When Your Cat Sucks Wool

Treatment Often Puts an End to Wacky Behavior

Pickles is a fine part-Siamese cat, but she has a bizarre habit that concerns her human companions: She chews on wool sweaters and now she is developing an appetite for the wooden chair in the living room. Much to the surprise of her guardians, however, such behavior isnt that bizarre and it even has a name – its called pica.

Pica is an abnormal desire to eat substances not normally eaten, explains Karen Overall, VMD, a board certified animal behaviorist in Glens Mills, Pennsylvania. Cats tend to break into three groups in this area, she explains. The lickers, the suckers, and the chewers.

Lickers tend to go for smooth objects, such as leather, vinyl, tile, marble, plastic, metal, and plastic food wrap, Overall points out. Sucking is most common on humans and fabrics, often fabric that the human is wearing, perhaps as a substitute for sucking the humans themselves, she adds. Chewers, however, may chomp on wood, wool and other cloths, rubber, plastic, rubber bands, rocks, string, objects hanging from plastic shower curtains, and other dangling temptations. Unlike dogs, however, cats almost never eat feces, a phenomenon called coprophagia.

The pica mystery
Although veterinarians do not actually know why cats eat nonfood objects, they have observed that cats weaned early tend to develop the habit much more frequently. In the clinic, it is true that most cats that suck are weaned early.

However, we have very incomplete information and only see the cats that are referred to us, says Overall. We have no real idea of how early weaned cats actually behave and how many non-early weaned cats suck. The appropriate research experiment has never been done.

And while the behavior is just as common in males and females, it is much more common among Oriental breeds, such as Siamese, Burmese, and Himalayan. These breeds tend to chew differently than other breeds; they try to get the fabric as far past their molars as possible, says Overall, who observes cats with pica on videotape and is writing a paper on cat breeds and pica. I think that this chewing technique is a true difference from non-Oriental cats, and may have resulted from morphological changes that breeders created when the heads and eyes were re-scaled in the breeding process.

Medical versus behavioral
While ingested substances usually pass through the cat and do not pose a medical risk, they occasionally cause dangerous intestinal obstructions that require surgery, not to mention the damage done to blankets, clothing, furniture, and other objects.

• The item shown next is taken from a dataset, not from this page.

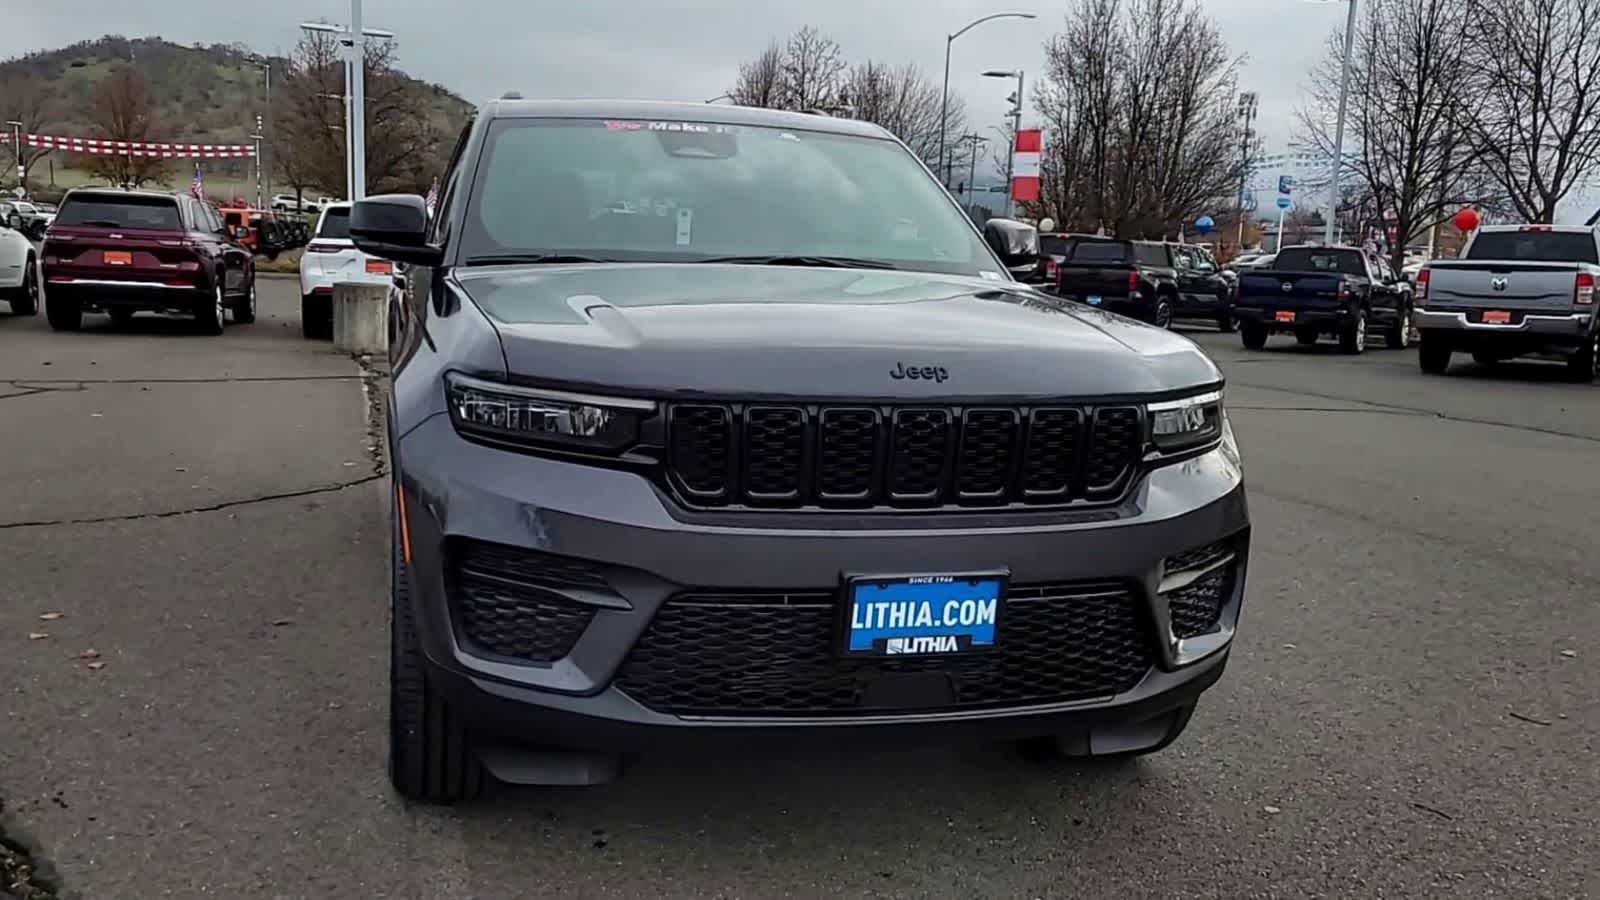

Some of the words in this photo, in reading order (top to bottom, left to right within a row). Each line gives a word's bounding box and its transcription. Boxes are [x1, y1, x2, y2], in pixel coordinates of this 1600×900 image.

If a cat persistently chews, a veterinarian should be consulted to rule out any possible underlying physical conditions that could be linked to pica, such as iron deficiency, anemia, certain digestive (pancreatic) problems, hyperthyroidism, dental disease, dietary inadequacies, intestinal parasites, and small-intestine or large-intestine bowel disease.

If theres no underlying disease, the pica is most likely a behavior problem – an abnormal compulsion to lick, suck, or chew inappropriate objects repetitively and frequently. Interestingly, most other compulsive behaviors in cats, those we call obsessive compulsive disorders (OCDs), may come about only secondarily – as the result of injury, a change in the household, and so on. But pica doesnt.

Behavioral control
Advice on how to curtail pica in a cat abounds, but Overall finds that many proposed strategies dont seem to work. Bad tasting sprays, for example, may make you feel better but the cat will find a way to work around it. Save your money and address the anxiety instead.

This may mean more play time for Pickles. However, Overall points out, theres also no real evidence proving that such attention helps, but it certainly does no harm. Cats may also relax with massage, grooming, playtime with other cats (or separation from other cats), and if the cat likes her cat carrier, then perhaps some quiet time in the crate. Punishing the cat at any time would only add to the cats stress.

However, if the cat is beginning to spend more time in her whacko behavior than she does in normal behavior or if she is distressed, she needs medication – its the humane thing to do, she says. Overall stresses, however, that a complete chemistry screening profile, blood cell count, and cardiac evaluation are prerequisites. Medications such as clomipramine and Valium (see box), which are also used for humans with OCD and anxiety (but are not specifically approved for cats), are usually very effective.